**** DATA EXCERPTS
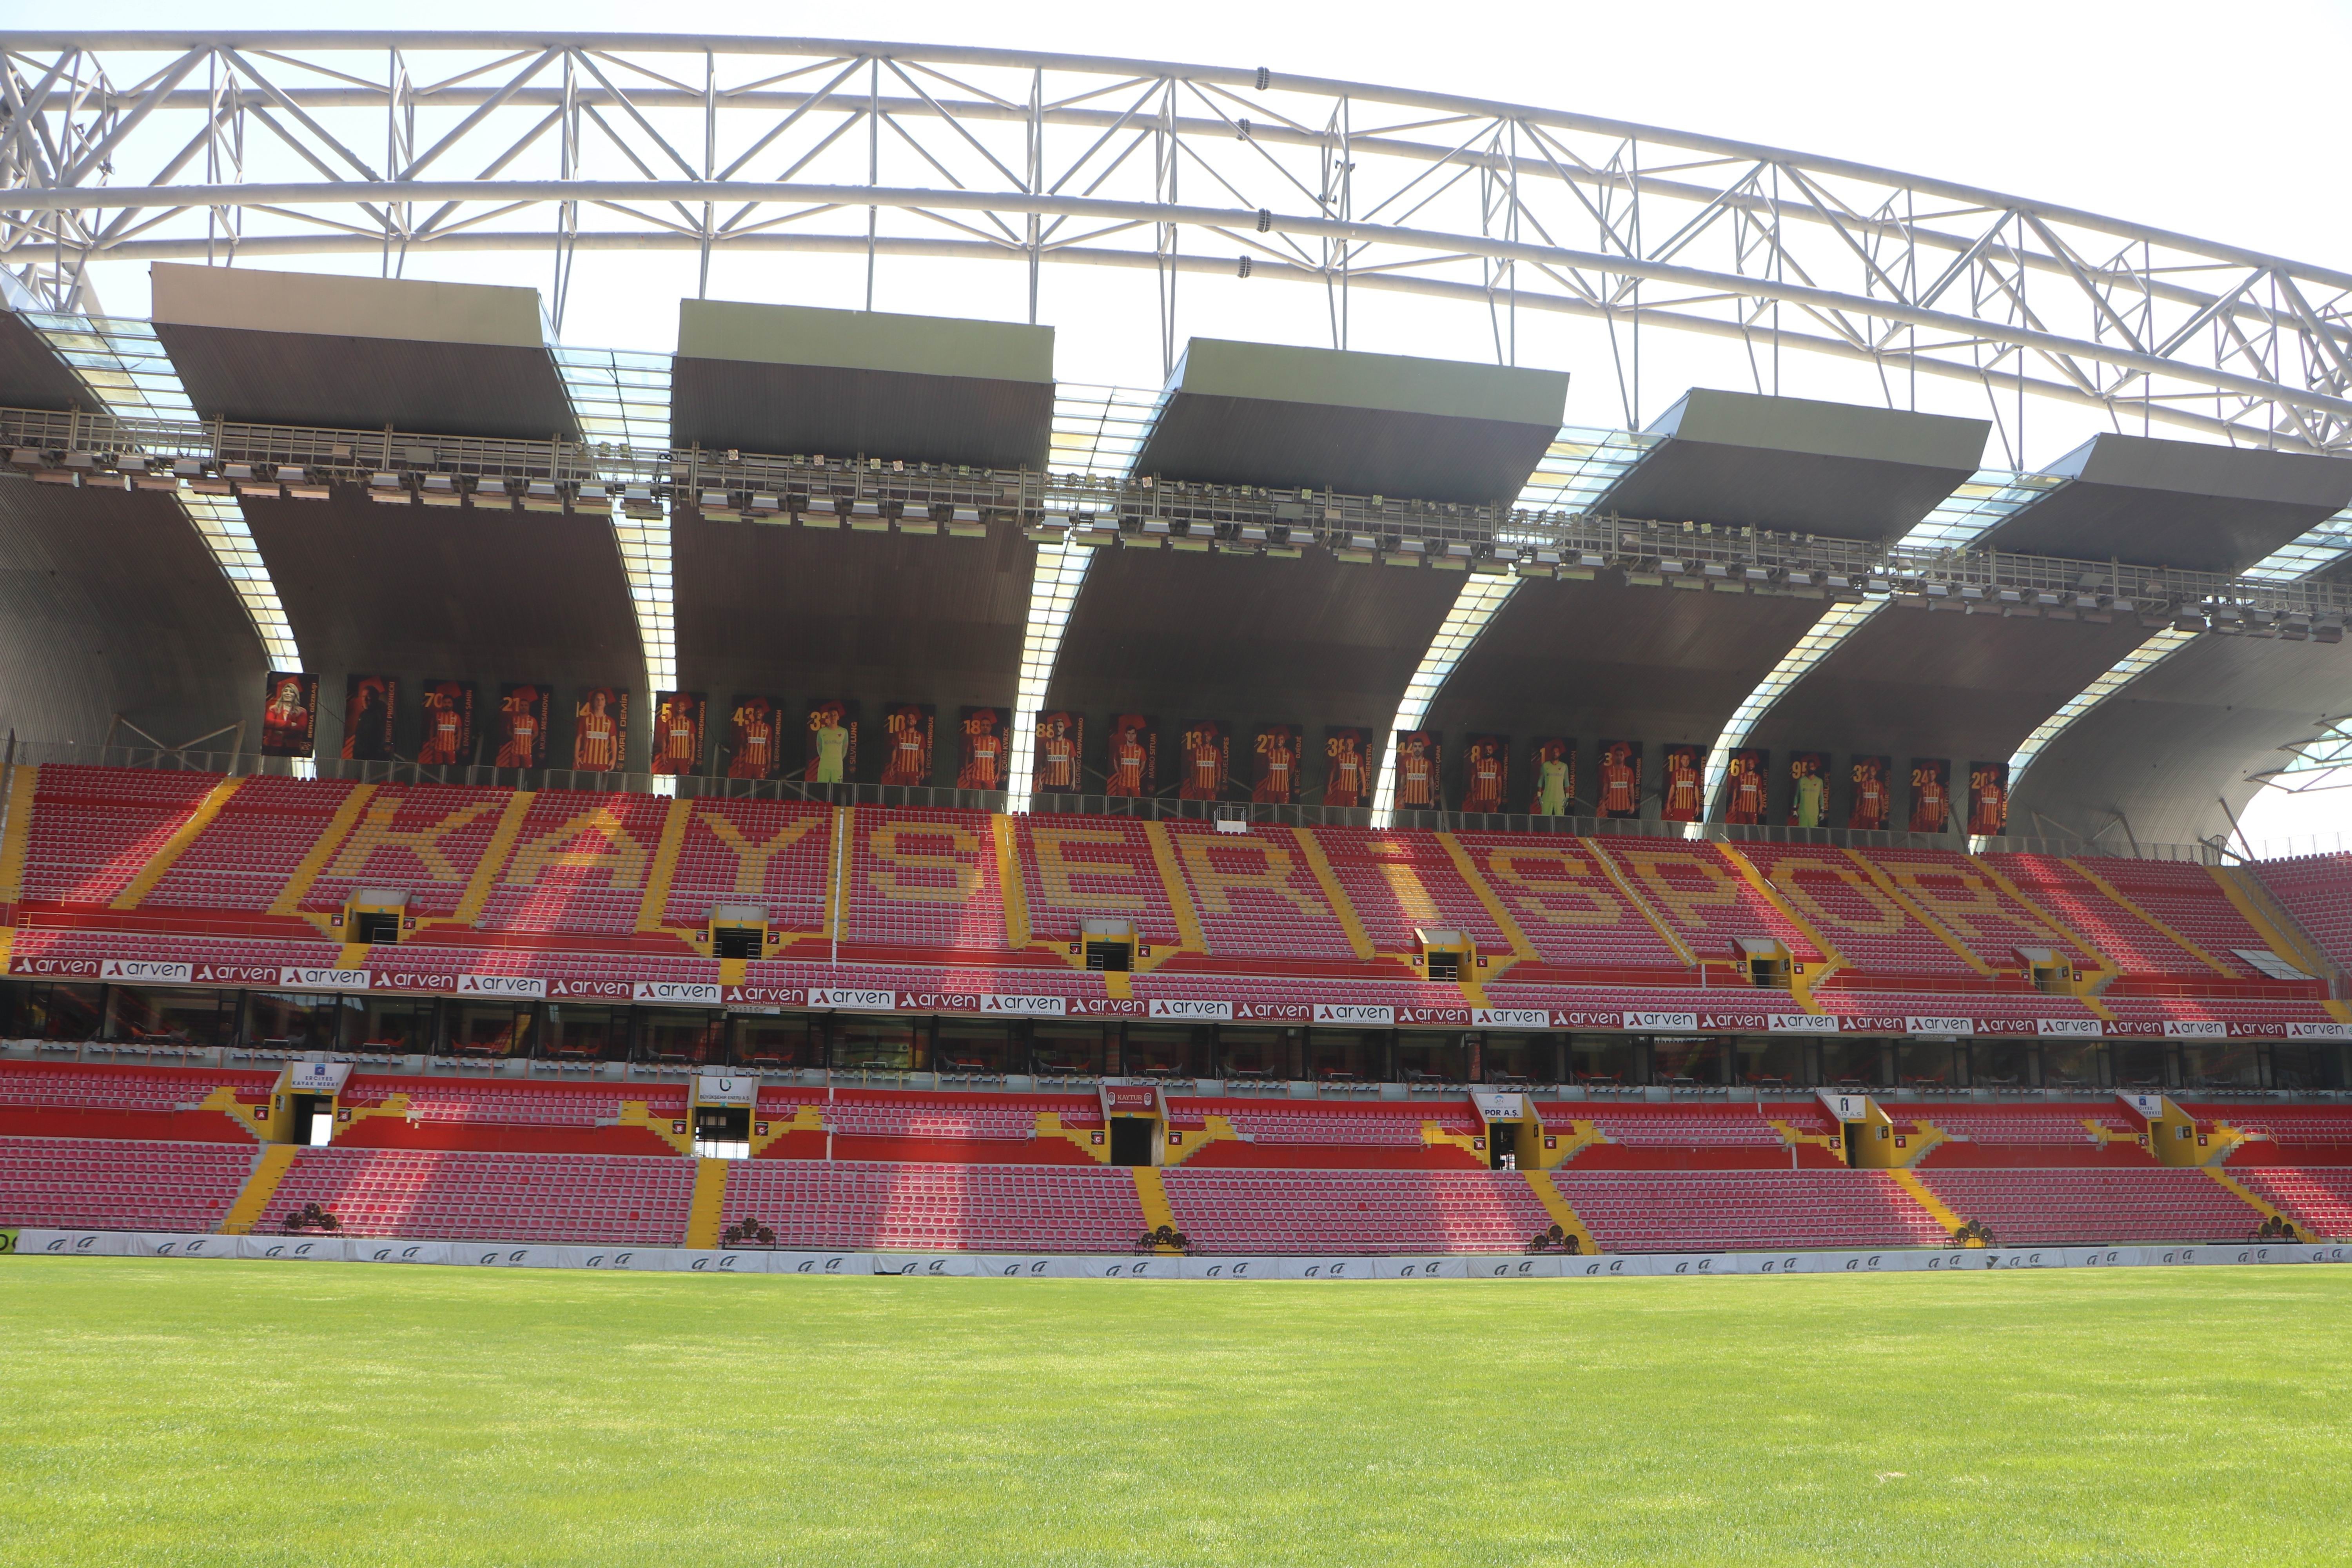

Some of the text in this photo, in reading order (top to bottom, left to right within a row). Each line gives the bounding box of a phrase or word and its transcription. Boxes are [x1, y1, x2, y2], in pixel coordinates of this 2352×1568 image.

[309, 682, 318, 712] GÖZBAŞI
[424, 693, 443, 708] 70
[502, 697, 520, 711] 21
[576, 701, 590, 718] 14
[619, 694, 628, 727] DEMİR
[661, 703, 672, 723] 5
[733, 707, 754, 726] 43
[887, 714, 906, 733] 10
[964, 720, 981, 734] 18
[1036, 723, 1054, 738] 88
[1185, 731, 1202, 750] 13
[1257, 734, 1276, 753] 27
[1397, 742, 1413, 756] 44
[1539, 747, 1546, 763] 1
[1604, 752, 1612, 766] 3
[1668, 754, 1680, 772] 11
[1730, 758, 1746, 777] 61
[1912, 769, 1929, 787] 24
[1971, 772, 1988, 789] 20
[36, 960, 96, 973] arven
[127, 963, 186, 976] arven
[216, 967, 276, 980] arven
[306, 971, 365, 984] arven
[394, 973, 453, 987] arven
[483, 978, 541, 992] arven
[570, 981, 629, 995] arven
[658, 985, 716, 998] arven
[746, 988, 803, 1001] arven
[833, 991, 890, 1004] arven
[919, 994, 976, 1007] arven
[1004, 997, 1060, 1010] arven
[1089, 1000, 1145, 1012] arven
[1172, 1002, 1227, 1014] arven
[1255, 1004, 1309, 1017] arven
[1336, 1007, 1389, 1019] arven
[1416, 1009, 1468, 1021] arven
[1494, 1011, 1544, 1022] arven
[1570, 1013, 1620, 1024] arven
[1644, 1014, 1693, 1025] arven
[1717, 1015, 1764, 1026] arven
[1788, 1016, 1835, 1027] arven
[1857, 1017, 1903, 1028] arven
[1925, 1019, 1969, 1030] arven
[1991, 1020, 2034, 1031] arven
[2055, 1021, 2098, 1031] arven
[2119, 1022, 2161, 1032] arven
[2181, 1023, 2223, 1033] arven
[2243, 1024, 2284, 1034] arven
[2303, 1024, 2344, 1034] arven
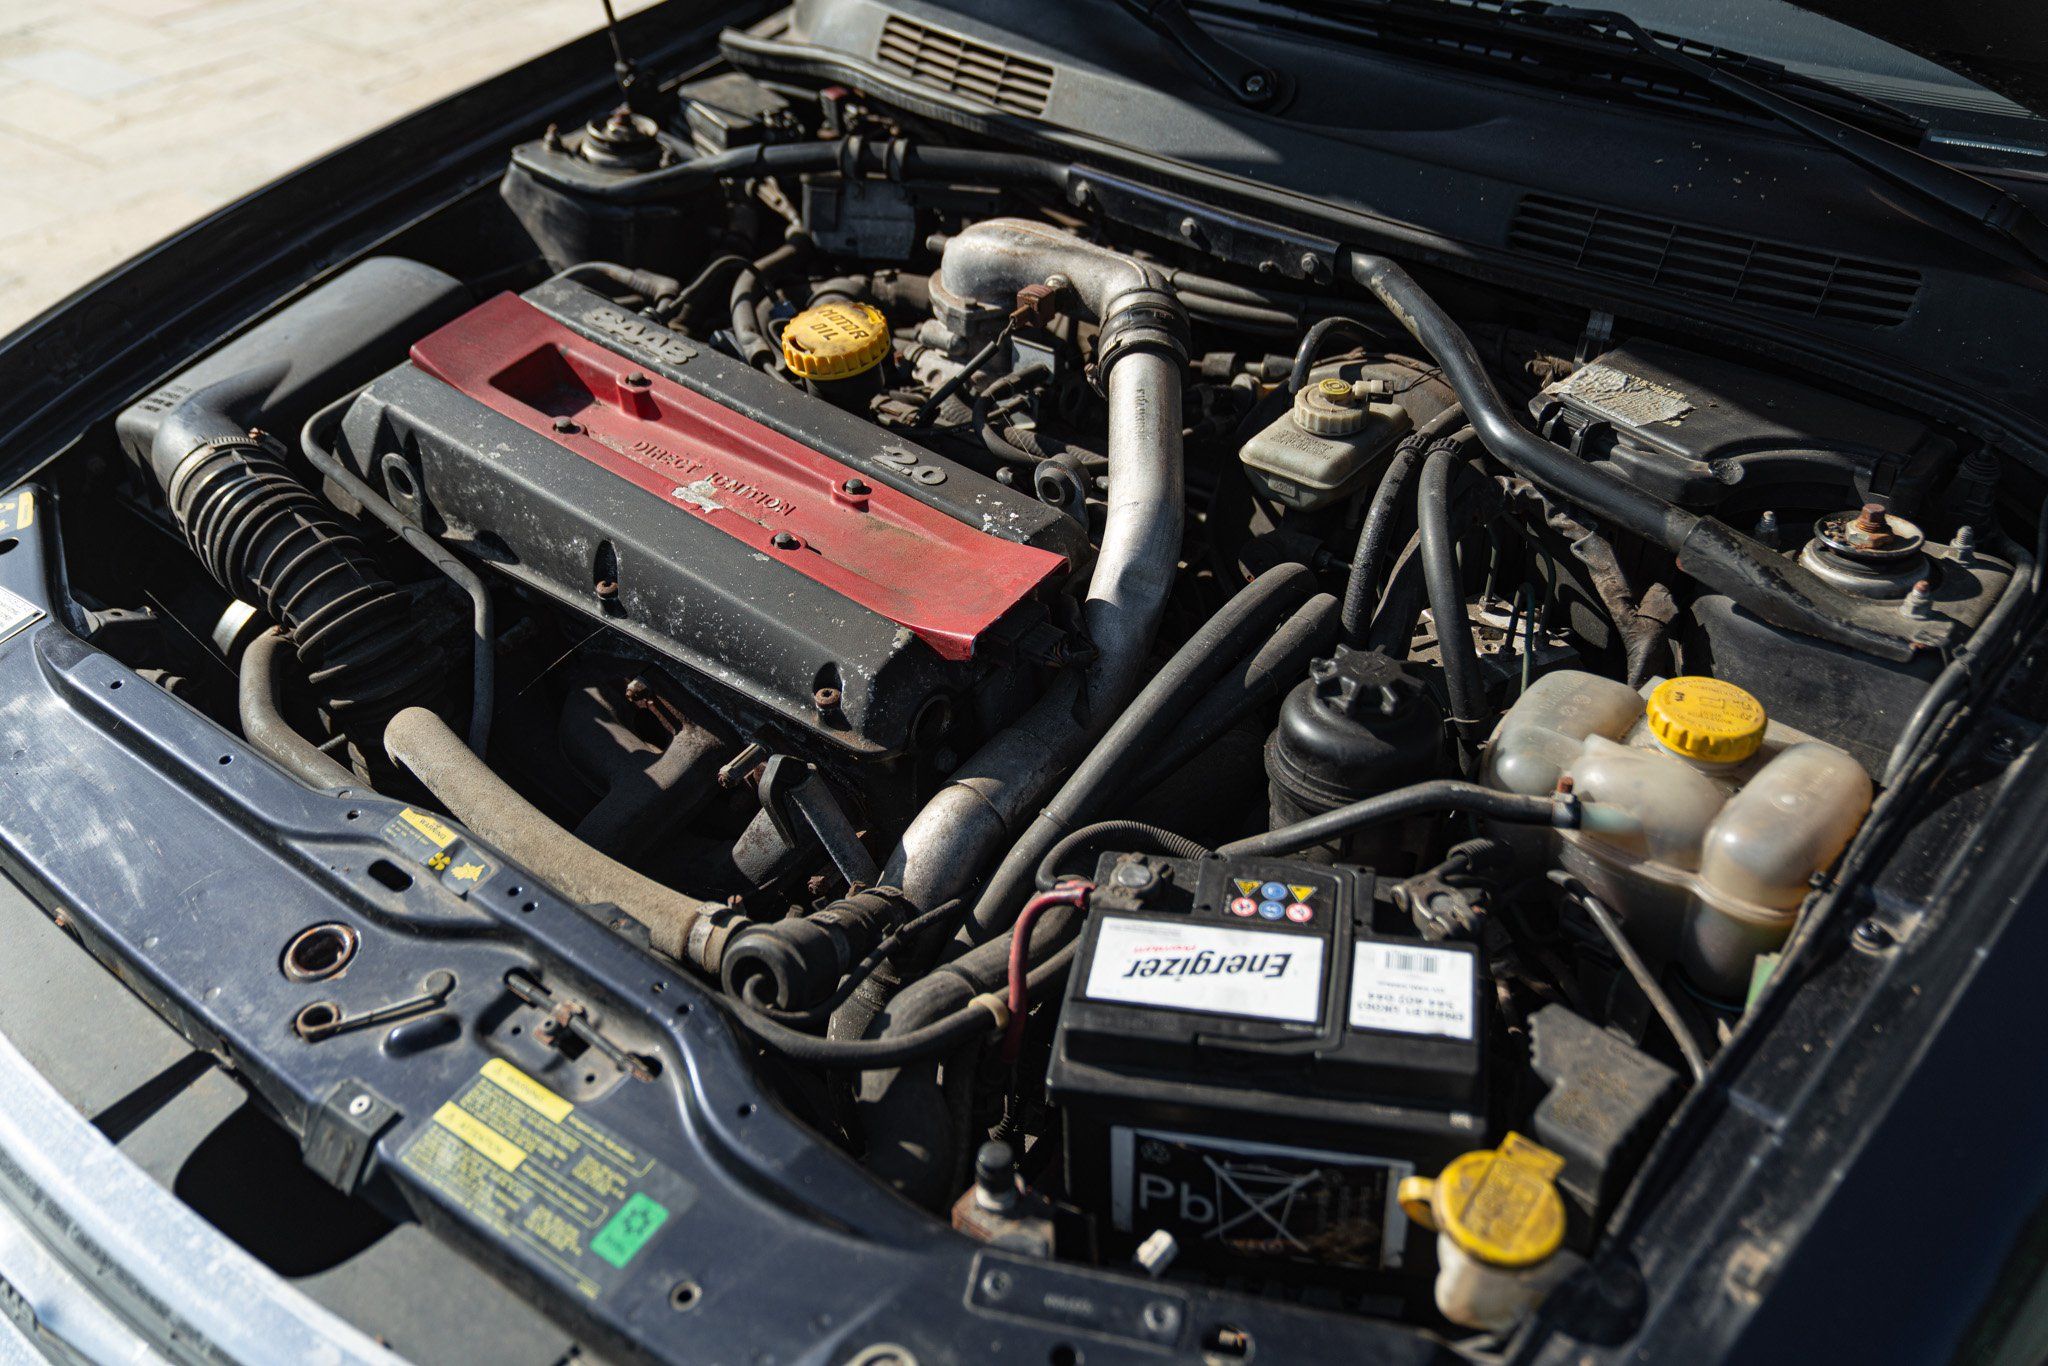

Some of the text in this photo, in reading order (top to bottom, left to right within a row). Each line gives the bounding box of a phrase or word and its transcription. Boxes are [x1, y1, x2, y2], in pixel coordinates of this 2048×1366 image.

[582, 306, 699, 365] SAAB
[810, 322, 839, 341] OIL
[817, 308, 870, 340] MOTOR
[634, 441, 798, 517] DIRECT IGNITION
[871, 446, 948, 486] 2.0
[1122, 950, 1293, 982] Energizer
[1138, 1173, 1215, 1224] Pb
********
=== WORK TO BE COMPLETED ===
Only the text of the records belongs in your answer, copied exactly as it appears above.

=== WRITTEN REPLY ===
Some of the text in this photo, in reading order (top to bottom, left to right within a row). Each line gives the bounding box of a phrase or word and its transcription. Boxes are [x1, y1, x2, y2], in pixel coordinates of this 2352×1568 image.

[309, 682, 318, 712] GÖZBAŞI
[424, 693, 443, 708] 70
[502, 697, 520, 711] 21
[576, 701, 590, 718] 14
[619, 694, 628, 727] DEMİR
[661, 703, 672, 723] 5
[733, 707, 754, 726] 43
[887, 714, 906, 733] 10
[964, 720, 981, 734] 18
[1036, 723, 1054, 738] 88
[1185, 731, 1202, 750] 13
[1257, 734, 1276, 753] 27
[1397, 742, 1413, 756] 44
[1539, 747, 1546, 763] 1
[1604, 752, 1612, 766] 3
[1668, 754, 1680, 772] 11
[1730, 758, 1746, 777] 61
[1912, 769, 1929, 787] 24
[1971, 772, 1988, 789] 20
[36, 960, 96, 973] arven
[127, 963, 186, 976] arven
[216, 967, 276, 980] arven
[306, 971, 365, 984] arven
[394, 973, 453, 987] arven
[483, 978, 541, 992] arven
[570, 981, 629, 995] arven
[658, 985, 716, 998] arven
[746, 988, 803, 1001] arven
[833, 991, 890, 1004] arven
[919, 994, 976, 1007] arven
[1004, 997, 1060, 1010] arven
[1089, 1000, 1145, 1012] arven
[1172, 1002, 1227, 1014] arven
[1255, 1004, 1309, 1017] arven
[1336, 1007, 1389, 1019] arven
[1416, 1009, 1468, 1021] arven
[1494, 1011, 1544, 1022] arven
[1570, 1013, 1620, 1024] arven
[1644, 1014, 1693, 1025] arven
[1717, 1015, 1764, 1026] arven
[1788, 1016, 1835, 1027] arven
[1857, 1017, 1903, 1028] arven
[1925, 1019, 1969, 1030] arven
[1991, 1020, 2034, 1031] arven
[2055, 1021, 2098, 1031] arven
[2119, 1022, 2161, 1032] arven
[2181, 1023, 2223, 1033] arven
[2243, 1024, 2284, 1034] arven
[2303, 1024, 2344, 1034] arven

Some of the text in this photo, in reading order (top to bottom, left to right within a row). Each line gives the bounding box of a phrase or word and its transcription. Boxes are [x1, y1, x2, y2], in pixel coordinates of this 2048×1366 image.

[582, 306, 699, 365] SAAB
[810, 322, 839, 341] OIL
[817, 308, 870, 340] MOTOR
[634, 441, 798, 517] DIRECT IGNITION
[871, 446, 948, 486] 2.0
[1122, 950, 1293, 982] Energizer
[1138, 1173, 1215, 1224] Pb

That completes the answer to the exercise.